Confettura di ciliegie

Ciliegie

Quest’anno l’albero di ciliegie che ho nella casa di montagna ha prodotto molto, infatti siamo riusciti a raccogliere circa 4,5 Kg di ciliegie.

Un po’ del raccolto l’ho regalato a mia mamma e a mia suocera ed un po’ l’ho tenuto per la mia famiglia.

Erano molto dolci e succose e totalmente biologiche, in quanto all’albero non è stato somministrato niente di chimico, l’unica accortezza per aiutarlo a difendersi dai parassiti è stata spruzzargli sulle foglie un composto fatto d’acqua e sapone di Marsiglia. Il risultato è stato ottimo ed i frutti oltre che buoni erano bellissimi!

Nei giorni successivi la raccolta le ciliegie erano sempre presenti sulla tavola, soprattutto come spuntino di metà mattina e merenda.

Vista la quantità ed il tempo necessario che sarebbe servito per mangiarle tutte, ho deciso di utilizzarne una parte per fare un’ottima confettura, in questo modo avremo occasione di gustarle anche nei mesi successivi.

Prima di darvi la ricetta utilizzata, volevo chiarire la differenza tra MARMELLATA e CONFETTURA, infatti entrambe utilizzano lo stesso processo di preparazione (zucchero e frutta cotti a lungo) ma per legge la prima si può definire tale solamente se ottenuta con agrumi a pezzetti (arance, limoni, mandarino, cedro, pompelmo, ecc.), mentre la seconda è ottenuta con il resto della frutta.

Ingredienti:

  • 3 Kg di ciliegie
  • 1,5 di zucchero (oppure 600 gr di sciroppo d’agave)
  • Succo di 1 limone

Per prima cosa sterilizzare i vasetti di vetro da utilizzare (vedere articolo sulla sterilizzazione).

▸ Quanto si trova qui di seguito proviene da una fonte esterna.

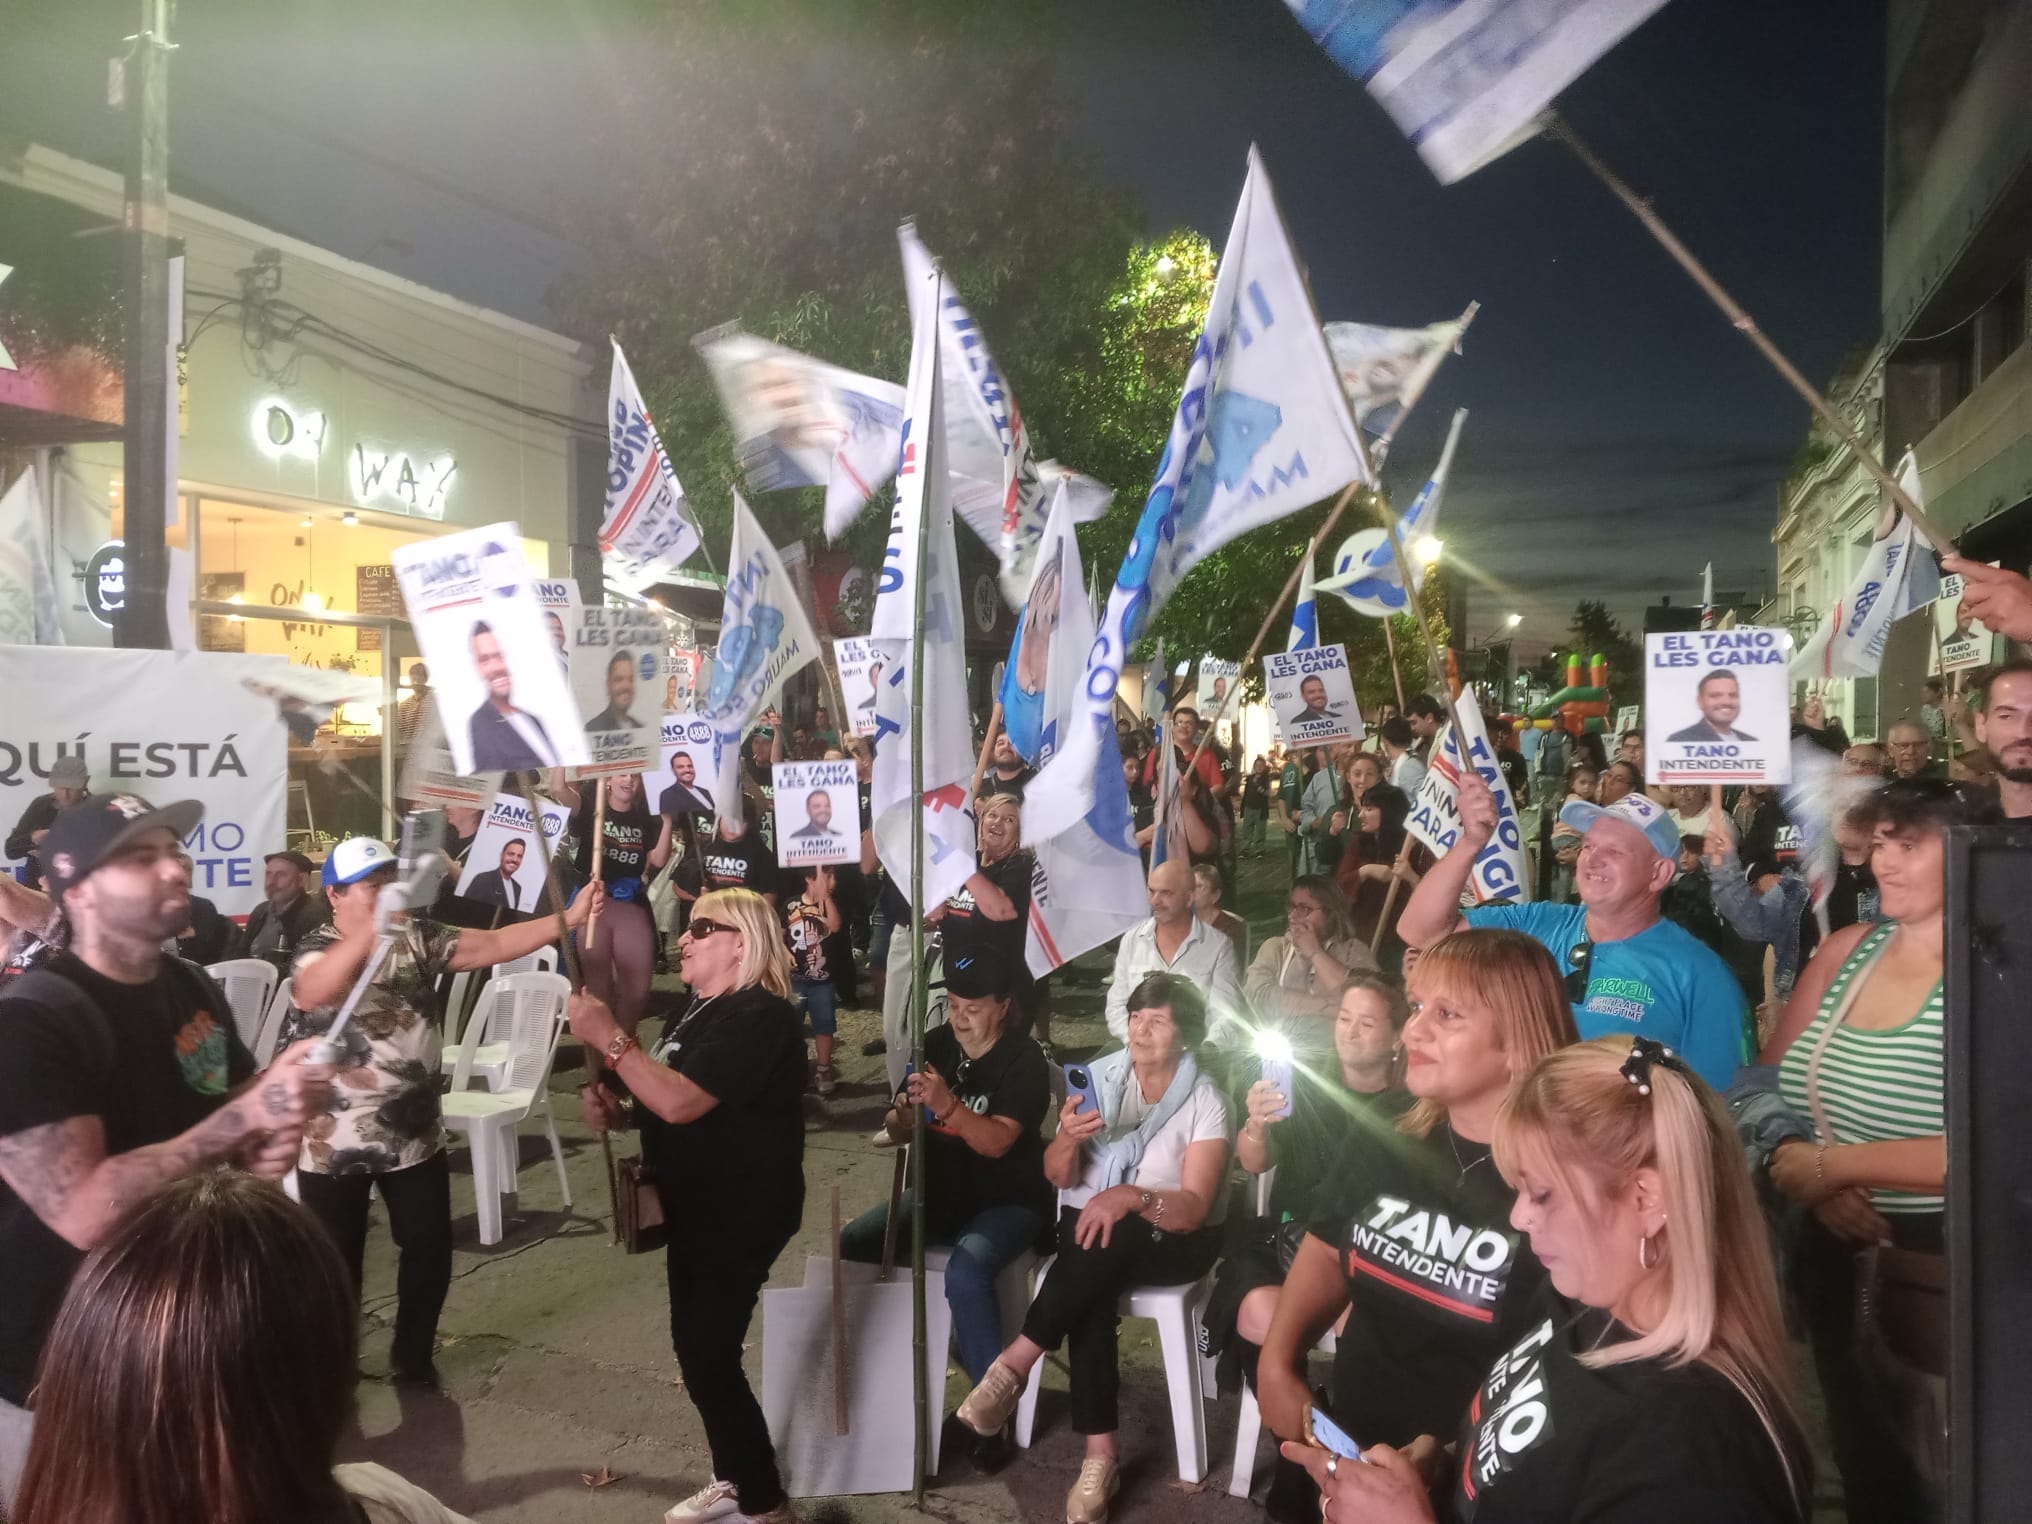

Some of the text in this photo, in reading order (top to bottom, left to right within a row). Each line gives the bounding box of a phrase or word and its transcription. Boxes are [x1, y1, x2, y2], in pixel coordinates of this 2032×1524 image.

[355, 442, 458, 508] WAY
[366, 566, 392, 578] CAFE
[1945, 574, 1958, 588] EL
[1941, 587, 1960, 600] LES
[584, 610, 606, 627] EL
[576, 629, 609, 647] LES
[1664, 633, 1775, 651] EL TANO
[844, 640, 861, 652] EL
[1947, 642, 1971, 655] TANO
[840, 651, 867, 664] LES
[1274, 647, 1338, 667] EL TANO
[1654, 650, 1785, 668] LES GANA
[1271, 658, 1346, 679] LES GANA
[688, 724, 712, 742] 4888
[1290, 726, 1350, 740] INTENDENTE
[1302, 720, 1334, 732] TANO
[109, 733, 249, 778] ESTÁ
[1683, 745, 1740, 758] TANO
[783, 764, 849, 777] EL TANO
[1659, 759, 1765, 770] INTENDENTE
[778, 775, 856, 790] LES GANA
[487, 814, 535, 831] INTENDENTE
[604, 821, 643, 839] TANO
[801, 838, 834, 850] TANO
[705, 855, 748, 871] TANO
[1620, 1008, 1642, 1021] TIME
[1368, 1198, 1510, 1273] TANO
[1353, 1223, 1499, 1302] INTENDENTE

Dopodiché prendere le ciliegie e lavarle accuratamente sotto l’acqua, successivamente metterle su un canovaccio pulito ed asciugarle.

                    Ciliegie lavate   Ciliegie asciugate

A questo punto cominciare a togliere il picciolo dai frutti e con l’aiuto di un denocciolatore, estrarre i noccioli dalle ciliegie (io ho utilizzato uno spremi aglio che lo ha incorporato); se non lo possedete potete aiutarvi nell’operazione anche con una cannuccia o una bacchetta giapponese.

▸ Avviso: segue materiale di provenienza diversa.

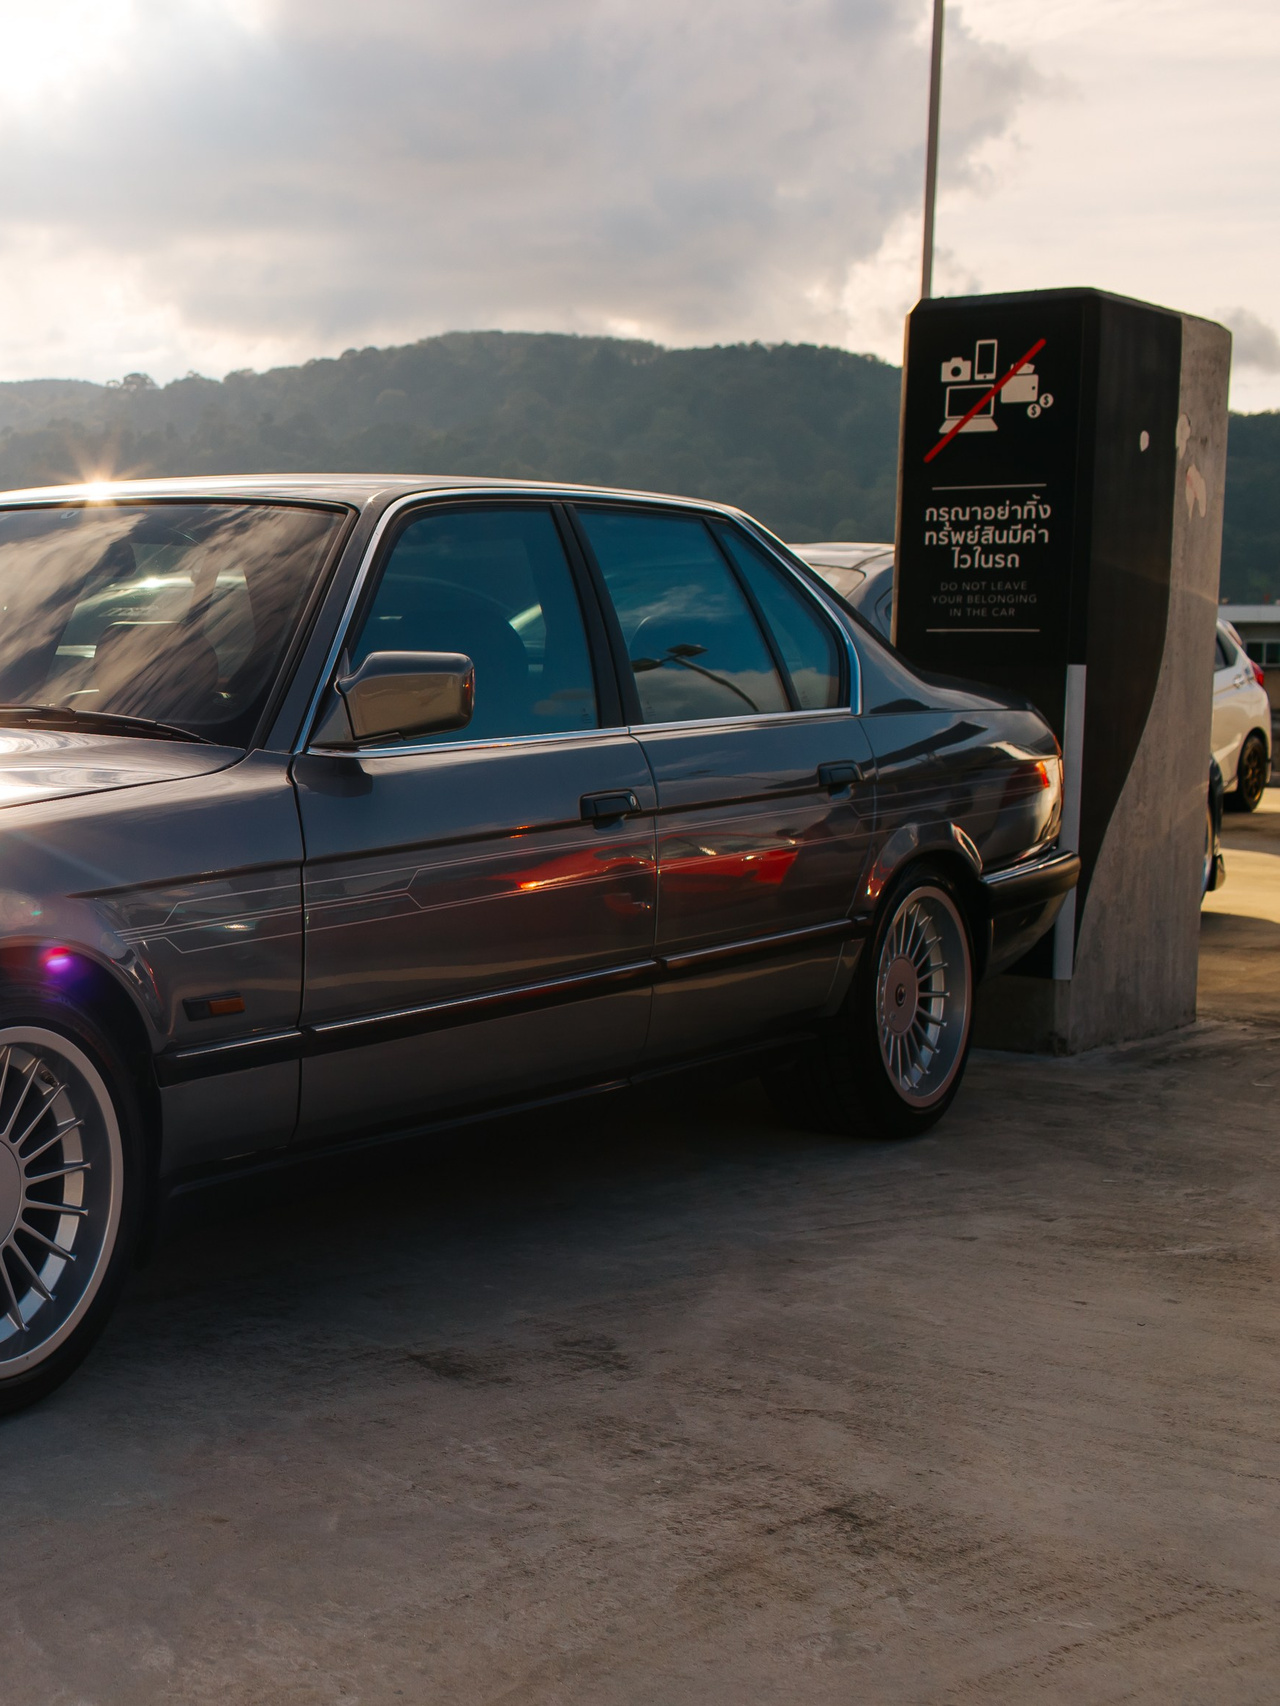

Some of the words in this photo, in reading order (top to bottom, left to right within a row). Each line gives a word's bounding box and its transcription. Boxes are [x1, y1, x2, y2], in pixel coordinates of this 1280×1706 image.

[924, 523, 1050, 546] ทรัพย์สินมีค่า
[940, 582, 958, 592] DO
[962, 581, 988, 591] NOT
[991, 580, 1028, 591] LEAVE
[931, 595, 963, 604] YOUR
[967, 594, 1038, 604] BELONGING
[949, 608, 961, 617] IN
[966, 607, 988, 617] THE
[991, 607, 1016, 617] CAR

                    Denocciolatore   Ciliegie pronte

Sistemare la frutta in una pentola abbastanza larga e con le pareti alte, possibilmente sceglietela di acciaio inox, ma va bene anche quella che ho utilizzato che è antiaderente.

In pentola

Aggiungere il limone e lo zucchero, in alternativa (come ho fatto io) sostituire quest’ultimo con lo sciroppo d’agave e cuocere il tutto a fuoco medio-alto mescolando costantemente per circa 1 ora, eliminando la schiuma mano a mano che si forma sulla superficie. Più schiuma togliete, più la confettura risulterà limpida. Quando comincerà ad asciugarsi, con l’aiuto di un frullatore ad immersione potete ridurre a purea parte delle ciliegie.

                  Cottura   Togliere la schiuma                                      Pronte per il frullatore   Frullare

Una volta raggiunta la consistenza giusta, spegnere ed invasettare immediatamente la confettura ottenuta ad 1 cm dal bordo del vasetto di vetro e mettere il coperchio (io mi sono aiutata con un imbuto per conserve, comodo perché ha 3 diversi diametri e si adatta a quasi tutti i vasetti di vetro).

                  Confettura pronta   Invasettare

A questo punto capovolgere immediatamente i vasetti in modo da creare il vuoto, ottenendo così una maggiore capacità di conservazione. Il processo è concluso se una volta raffreddati, quando raddrizzate i vasetti il coperchio fa il classico “click” e non è più rigonfio in superficie.

Capovolgere

I vasetti di confettura durano circa 6 mesi dalla preparazione se tenuti in luogo fresco ed asciutto, invece una volta aperti conservare in frigorifero e consumare il prodotto nel giro di 7 giorni.

Se volete potete realizzare una confettura anche senza l’utilizzo dello zucchero, ma sappiate però che senza quest’ultimo il composto andrà consumato nel giro di qualche giorno, in quanto lo zucchero funge da conservante naturale.

Consiglio che vi posso dare: più cuoce velocemente la frutta, più il suo sapore rimarrà all’interno della confettura. Prediligete inoltre una quantità non troppo alta di frutta da lavorare, in modo da poter sfruttare la cottura veloce e per avere sempre un prodotto fresco ed appena fatto.